The index type is used to represent dimension sizes (memref.dim and tensor.dim) as well as pointers and strides (memref.extract_aligned_pointer_as_index and other metadata ops).
Lowering the index type (to LLVM or something else) seems to then enforce that all index types are treated equal.
This would then make the following problematic:
One could want to lower index that represent pointers into different bit widths depending on memref address space.
Same as above for memref.dim or values of type index that are involved in indexing expressions: one may want to optimize indexing calculations by using i32 if they know the constraint can be enforced. This could be done for all buffers or based on buffer address space.
A couple projects I have seen (that I don’t work on, so apologies if I got this wrong) use index purely for dimension sizes or similar and don’t use it for a pointer, allowing them to lower index to 32bit even when target uses 64bit pointers:
Triton seem to be forcing index bitwidth to be 32 in order to use 32bit integers for offsets and shapes even though one of their supported targets is nvptx64 .
Similarly, IREE VM dialect seems to allow index to lowered to 32 or 64, since index is only used for dimension sizes and similar.
In both cases, they have a different type for pointers. If they started to use ops like memref.extract_aligned_pointer_as_index, then that might break their workflow.
So my question is:
Should IndexType come to be parameterized like (IntegerType)? If you could attach an optional attribute (e.g. index<some_attr>), then you could represent more specific classes of unknown bitwidth integers that all have the same bitwidth.
One can lower the type differently within a given context (having a pass that converts explicitly during lowering) I think the type semantics allows that.
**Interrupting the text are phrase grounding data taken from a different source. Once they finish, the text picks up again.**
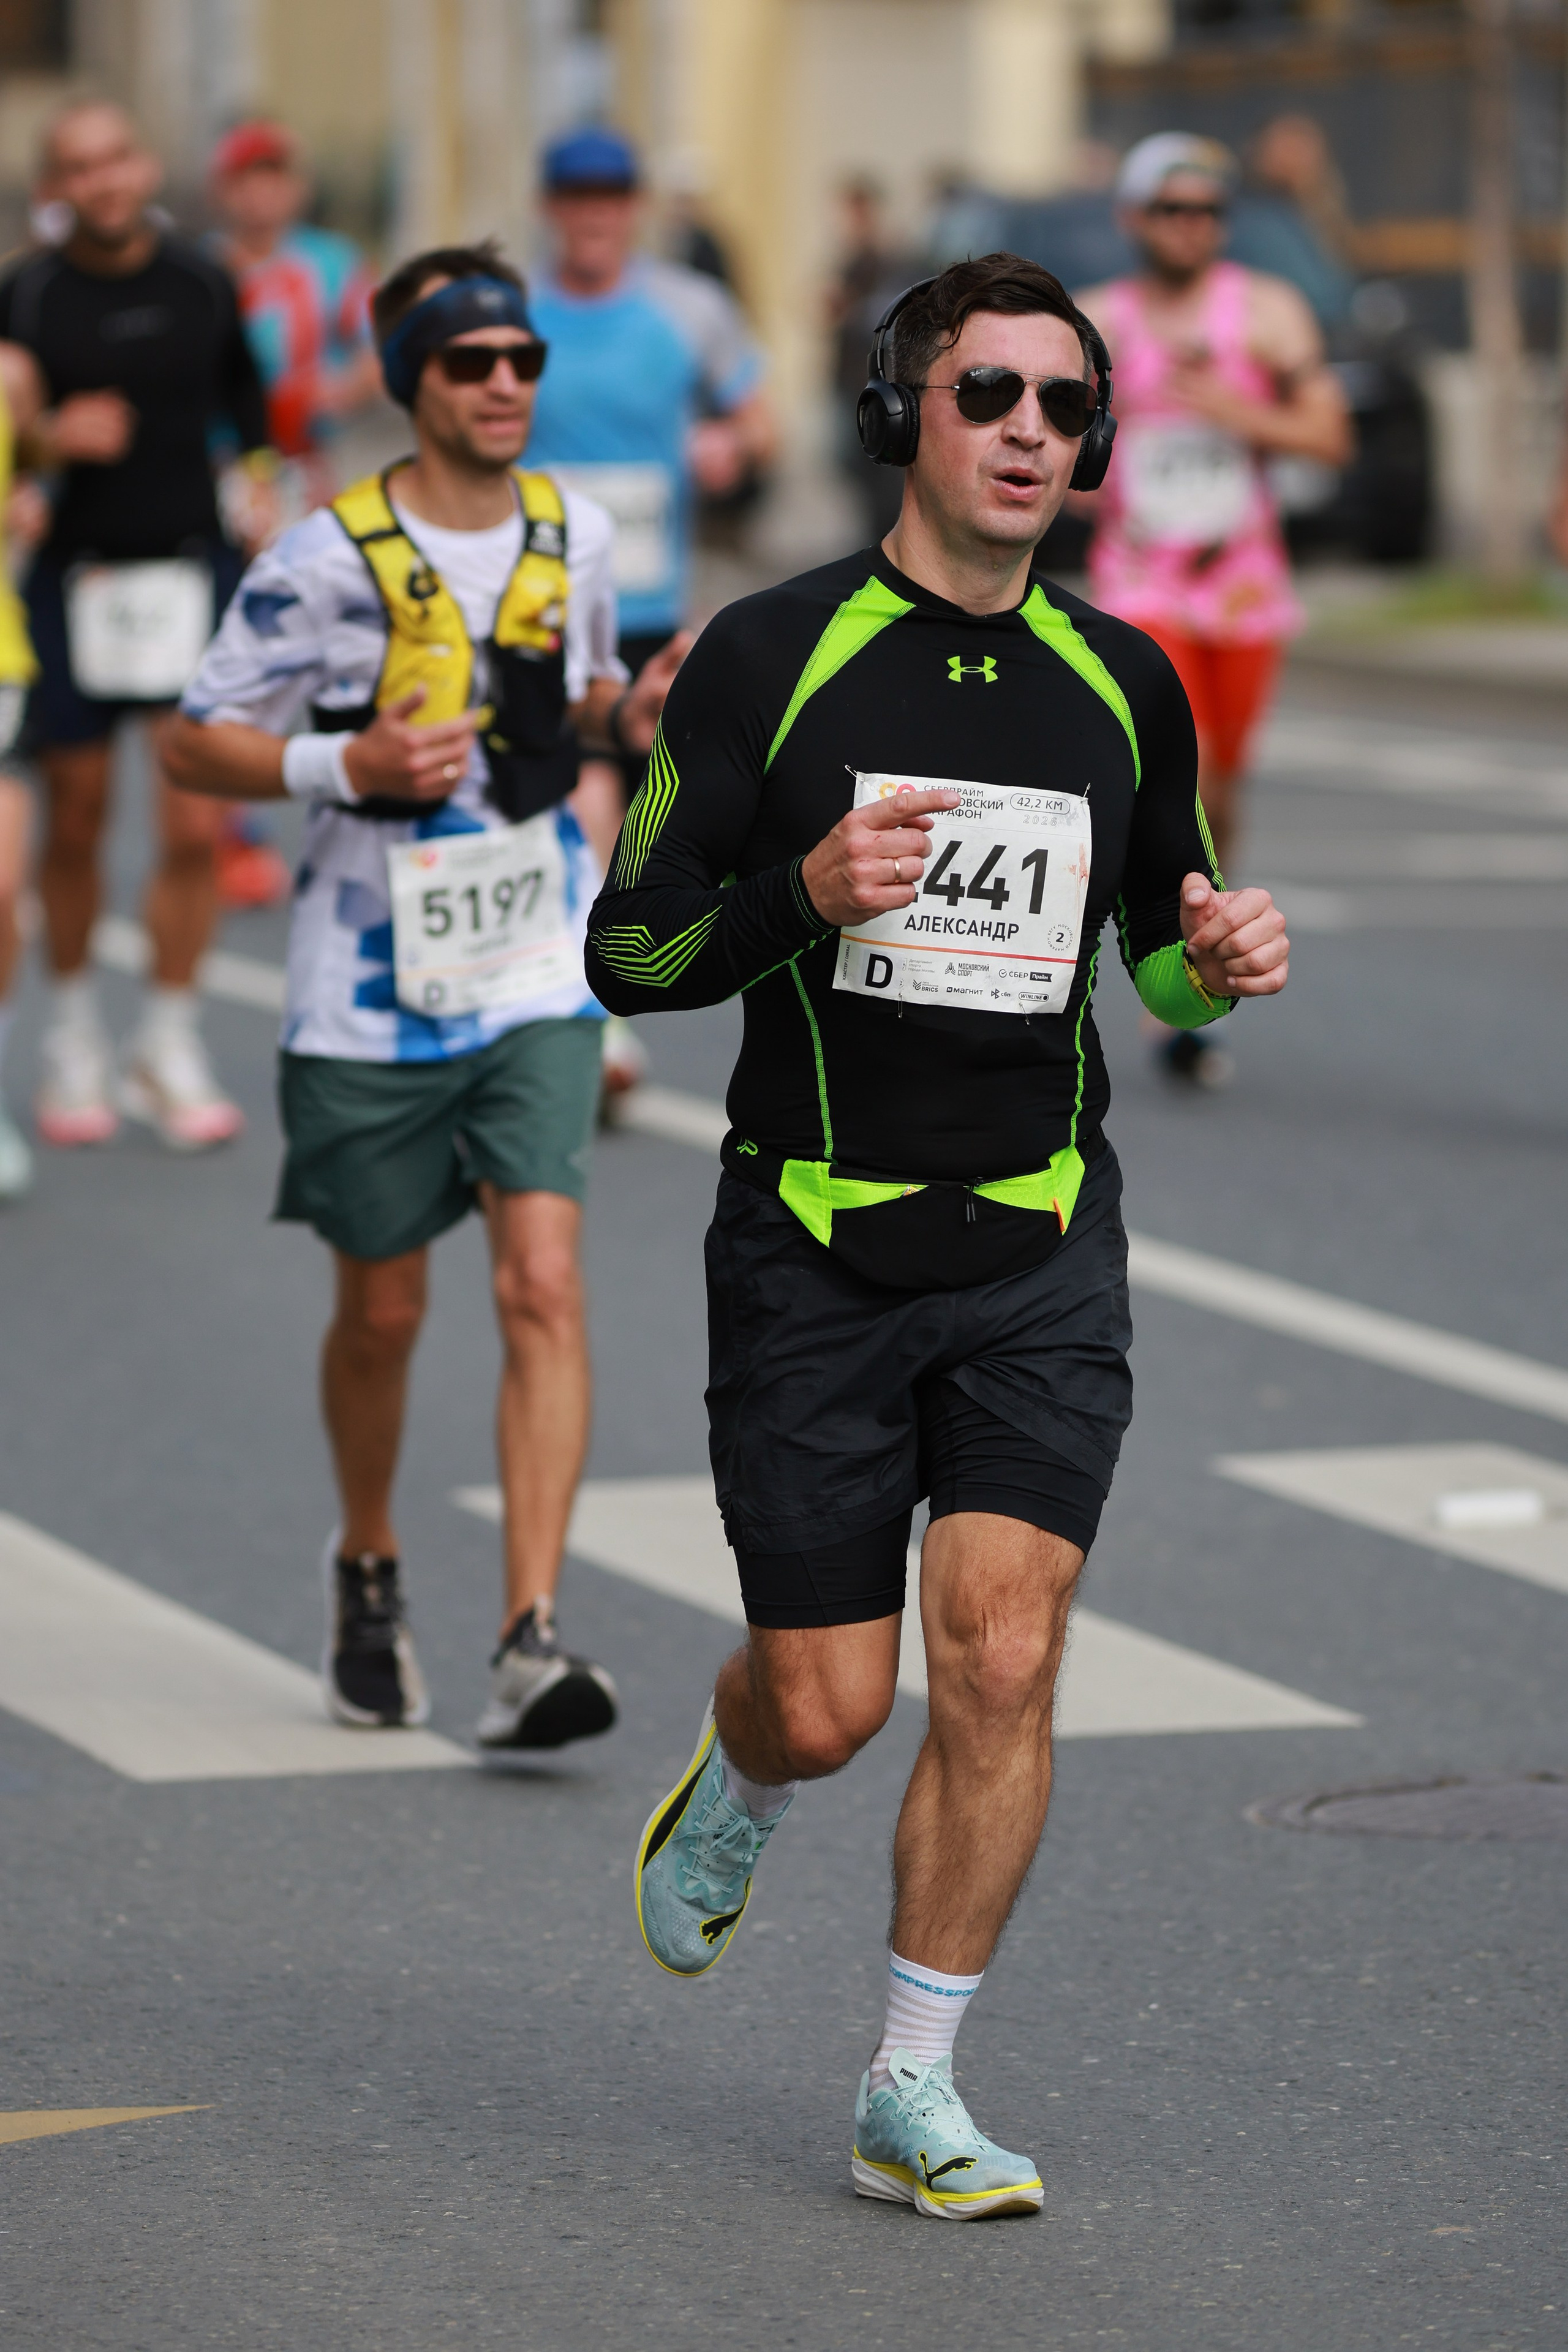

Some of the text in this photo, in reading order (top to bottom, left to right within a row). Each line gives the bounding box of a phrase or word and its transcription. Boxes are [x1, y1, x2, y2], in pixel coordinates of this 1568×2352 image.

[959, 797, 1003, 810] ОВСКИЙ
[1017, 797, 1041, 809] 42,2
[928, 808, 982, 820] АФОН
[1023, 815, 1057, 826] 2026
[911, 840, 1049, 914] 441
[422, 869, 544, 938] 5197
[904, 914, 1019, 942] АЛЕКСАНДР
[1056, 932, 1064, 943] 2
[865, 953, 893, 989] D
[958, 963, 990, 971] МОСКОВСКИЙ
[889, 1964, 978, 1997] COMPRESSPOR
[900, 2068, 918, 2081] PUMA
For me I think of it as a dim or stride (e.g., usage of indexing into shaped type). So one can in the lowering even change the lower level type depending on the shapes type sizes being indexed into, now none of the lowerings you mentioned does that. Usage as a pointer seems a bit different, even in systems with small sized tensors one can have large memory spaces so one couldn’t use range analysis to determine a size alone, one would need target information too.
So I see the type more as a high level indication of a index computation, if one knew the size, one would just use the lower level type with exact integer width. I’d guess there may be some gaps wrt what ops allow here (allowing index only vs i32) and is the other need to be able to see what is index computation related?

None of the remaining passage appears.